● **Description of the task**
Once the images are set aside, return every entry exactly.

(Exercise input)

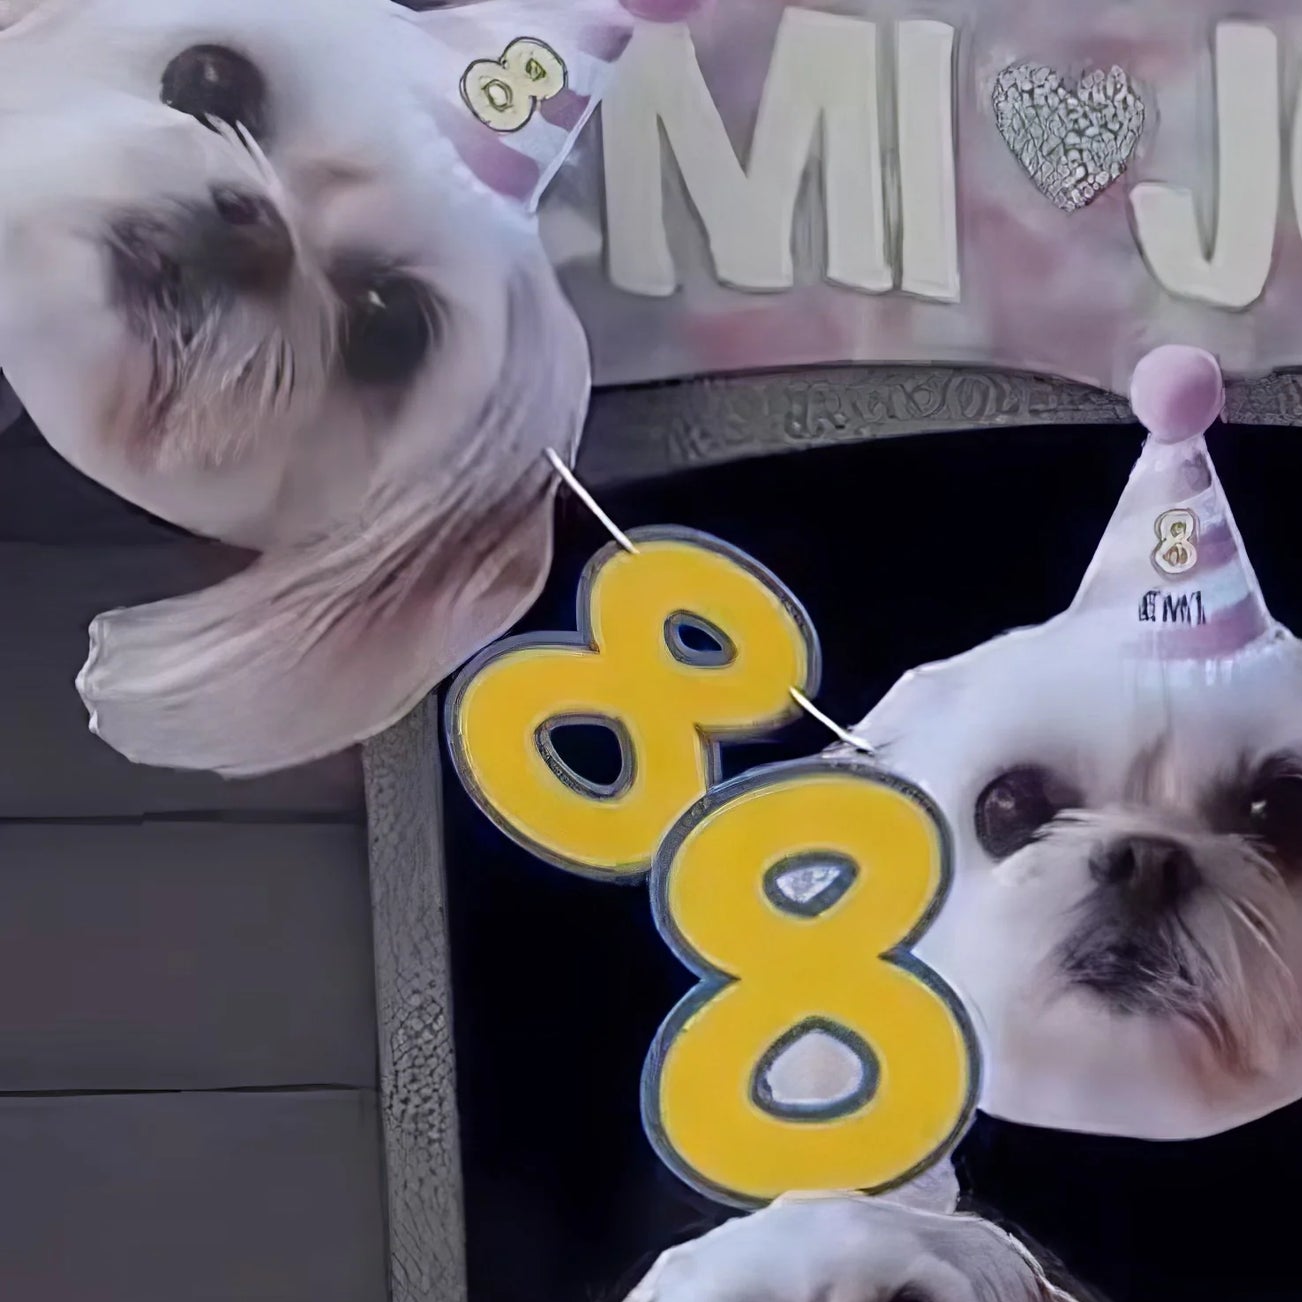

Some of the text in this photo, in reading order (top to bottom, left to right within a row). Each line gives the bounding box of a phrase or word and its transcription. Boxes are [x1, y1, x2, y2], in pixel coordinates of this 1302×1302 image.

[459, 36, 568, 133] 8
[540, 7, 961, 303] MI
[1150, 507, 1200, 580] 8
[447, 527, 820, 880] 8
[642, 760, 984, 1208] 8

(End Exercise input)

● **Response to this exercise**
Some of the text in this photo, in reading order (top to bottom, left to right within a row). Each line gives the bounding box of a phrase or word and its transcription. Boxes are [x1, y1, x2, y2], in pixel coordinates of this 1302×1302 image.

[459, 36, 568, 133] 8
[540, 7, 961, 303] MI
[1150, 507, 1200, 580] 8
[447, 527, 820, 880] 8
[642, 760, 984, 1208] 8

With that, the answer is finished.